Building forward-looking organizations
- Future of Work: The future of work will be more networked, devolved, mobile, collaborative, team-based, project-based, and fluid. Organizations need to adapt to new leadership mindsets, work built around technology, a skills-based economy, the evolution of a new AI, and a focus on mission, values and ethics. Informed leaders of the future will recognize these forces of change, how work is being redefined, and the implications for individuals, organizations and public policy.
- A culture of courage for uncertainty: An ethics-driven culture will be a massive focus of regulators in the next few years. Regulators expect the life sciences sector to be proactive, rather than just react to inquiries or defend themselves. Forward-thinkers will need to anticipate and build the kind of AI-infused world we want to live in while focusing on security by design and mitigating cybersecurity risks.
- Data integrity, and maximizing the value of data: The biggest roadblock to future innovation is everyone working in a very siloed manner. Companies need to create a working environment where data is actionable and that values data integrity. As companies move away from silos and start to achieve data integrity, big data and analytics will help unlock the potential of disparate sources of data. Increasingly, data will better serve decision making at the enterprise level and provide a better understanding of emerging risks.
- Patient trust and centricity: To become more digitally-enabled and patient-centric, life sciences companies are using a range of strategies, including patient-centric corporate culture, collaborative healthcare ecosystem and digital partnerships among others. Organizations are looking to engage patients earlier to better understand unmet needs impacting trial design, patient recruitment and resilience.

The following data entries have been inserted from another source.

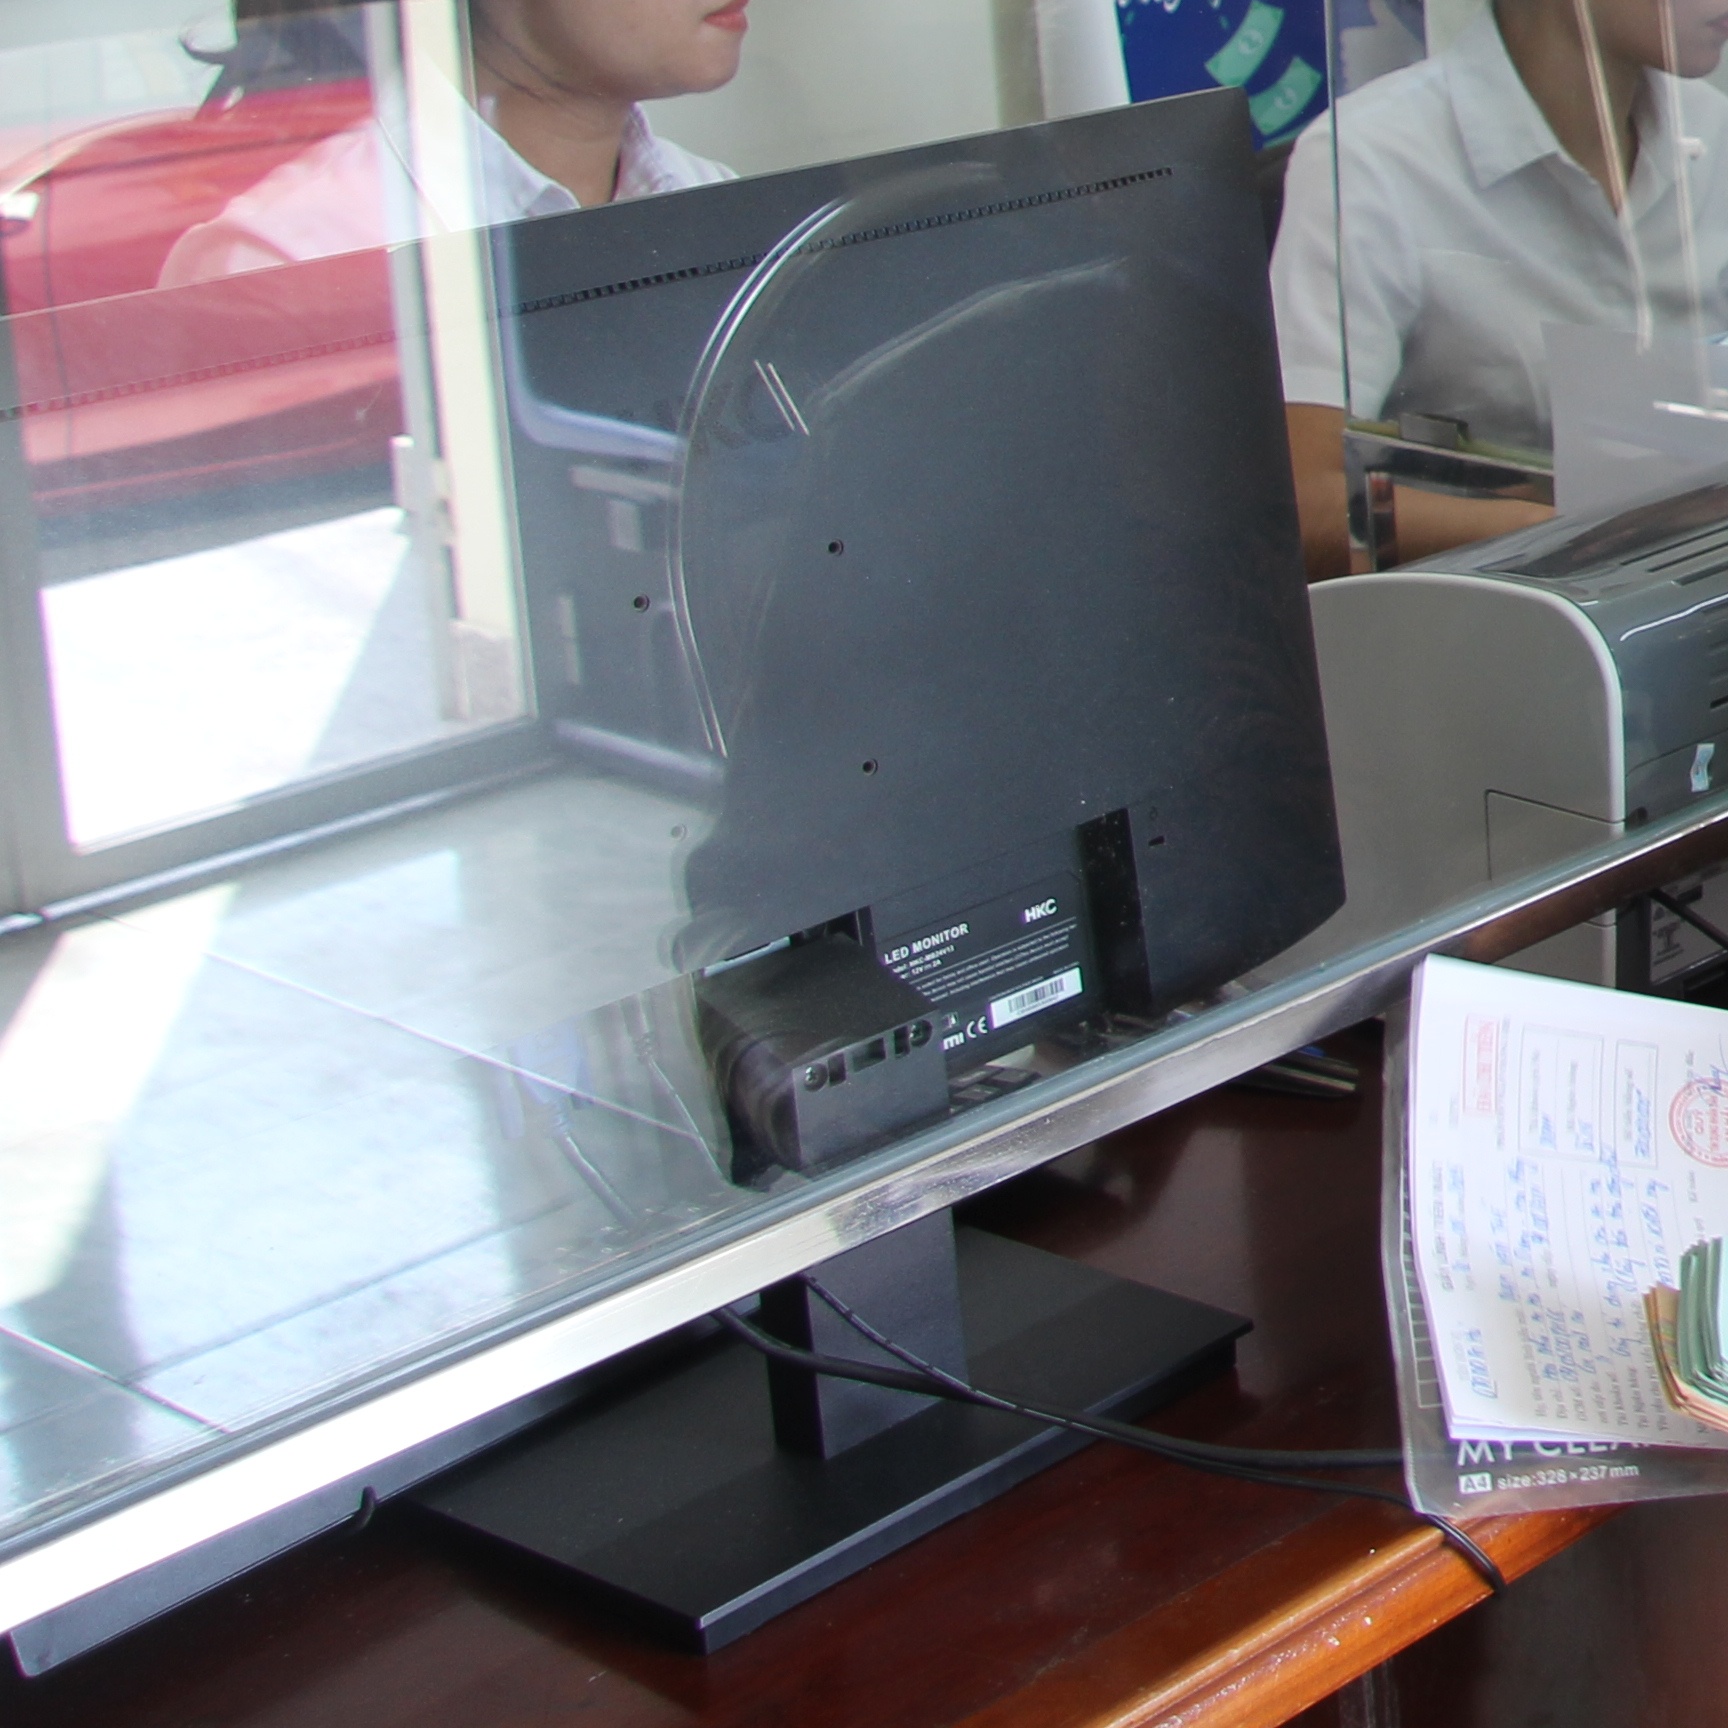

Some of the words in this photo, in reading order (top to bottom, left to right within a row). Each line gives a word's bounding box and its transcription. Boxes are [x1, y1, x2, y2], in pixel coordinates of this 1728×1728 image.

[1023, 898, 1058, 923] HKC
[884, 945, 910, 965] LED
[911, 922, 970, 955] MONITOR
[1460, 1475, 1491, 1492] A4
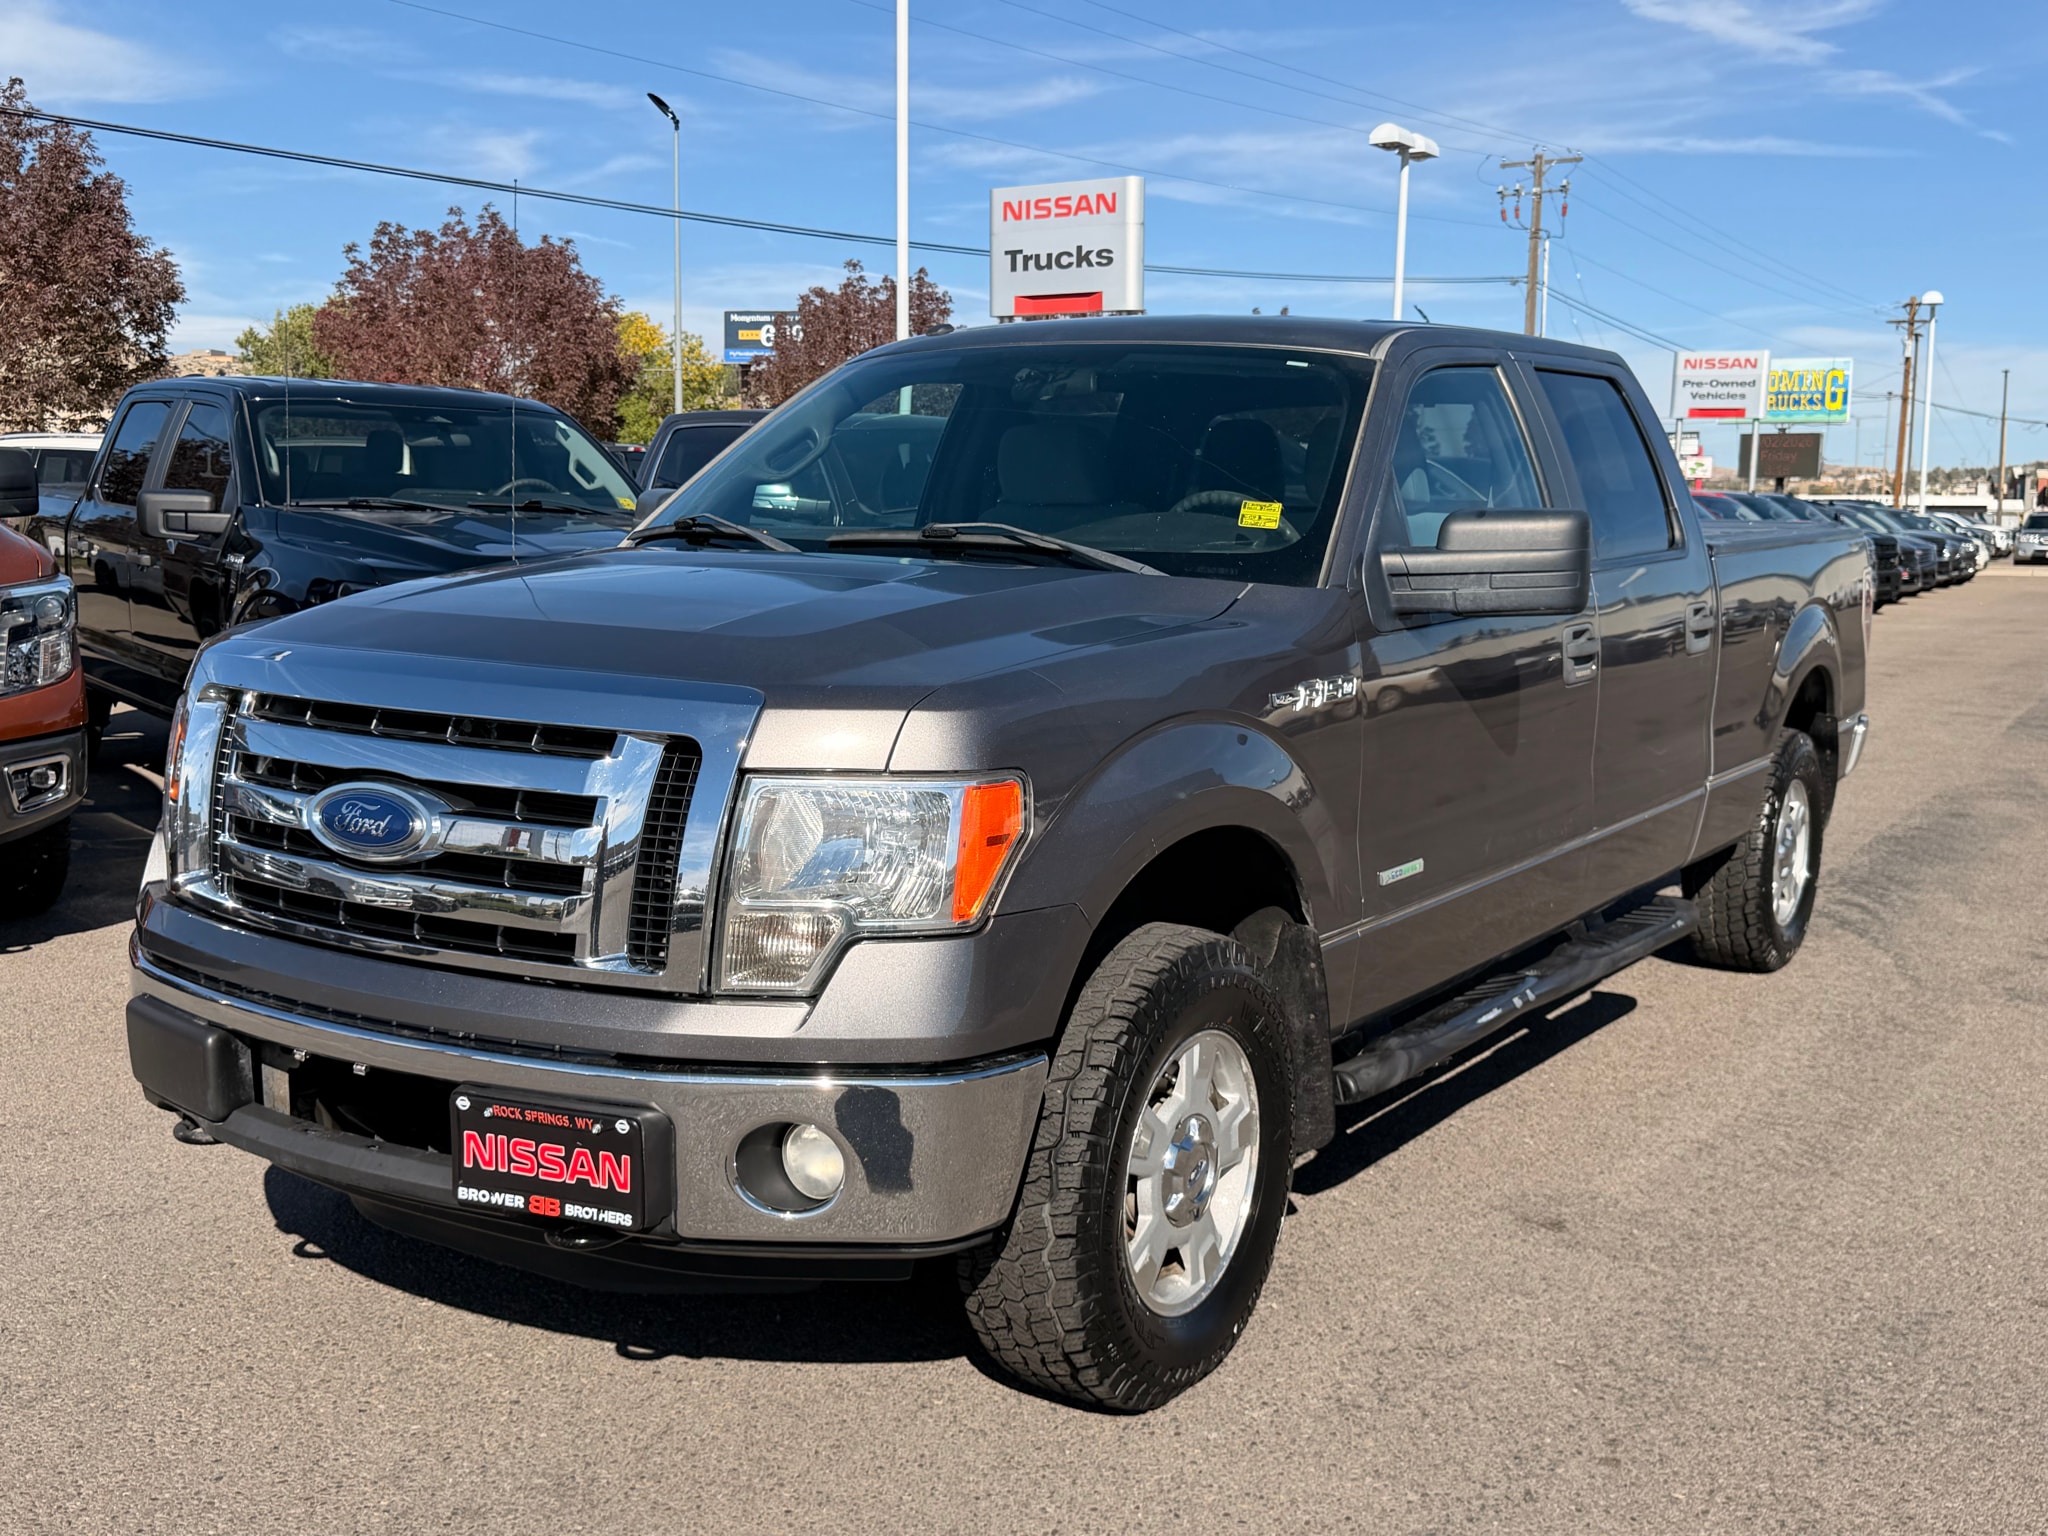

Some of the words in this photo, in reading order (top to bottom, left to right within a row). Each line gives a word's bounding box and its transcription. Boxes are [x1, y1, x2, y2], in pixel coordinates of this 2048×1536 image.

[1003, 192, 1117, 222] NISSAN
[1004, 245, 1114, 272] Trucks
[1683, 357, 1758, 370] NISSAN
[1682, 379, 1756, 388] Pre-Owned
[1690, 391, 1746, 401] Vehicles
[1767, 393, 1823, 411] RUCKS
[333, 800, 393, 837] Ford
[492, 1104, 523, 1121] ROCK
[574, 1116, 594, 1131] WY
[463, 1130, 631, 1194] NISSAN
[457, 1186, 525, 1209] BROWER
[564, 1203, 633, 1227] BROTHERS

Products and services that better meet patient needs and improve treatment regimens will receive higher acceptance by payers, providers, and regulators.
- A smart, cross-functional regulatory approach: All stakeholders will need to continually evaluate the individual and collective impacts of new regulations and take a proactive approach to managing regulatory change. With regulations becoming more global, companies are moving towards self-regulation and a culture of quality. Everyone’s goal is to make processes much simpler, and companies are starting to align their regulatory groups to accelerate the process.
Growing through partnerships and new operating models
- Alliances and Partnerships: Over the next few years, alliances will become more important for accessing external expertise and technology. New collaborations will be established where the best scientific or technological fit can be achieved. Technology giants are expected to be collaborators and competitors.
- New Operating Models: Establishing collaborative ways of working is high on the agenda for life sciences organizations, and will require breaking the constraints of the current system. New operating models will welcome diverse and collaborative efforts from a cross-sector of industries, public and private collaborations, and alliances between nonprofit and for-profit organizations. Companies will want to adopt new capabilities to support external partnerships and collaborations with health systems, patient advocacy groups, and other data aggregators.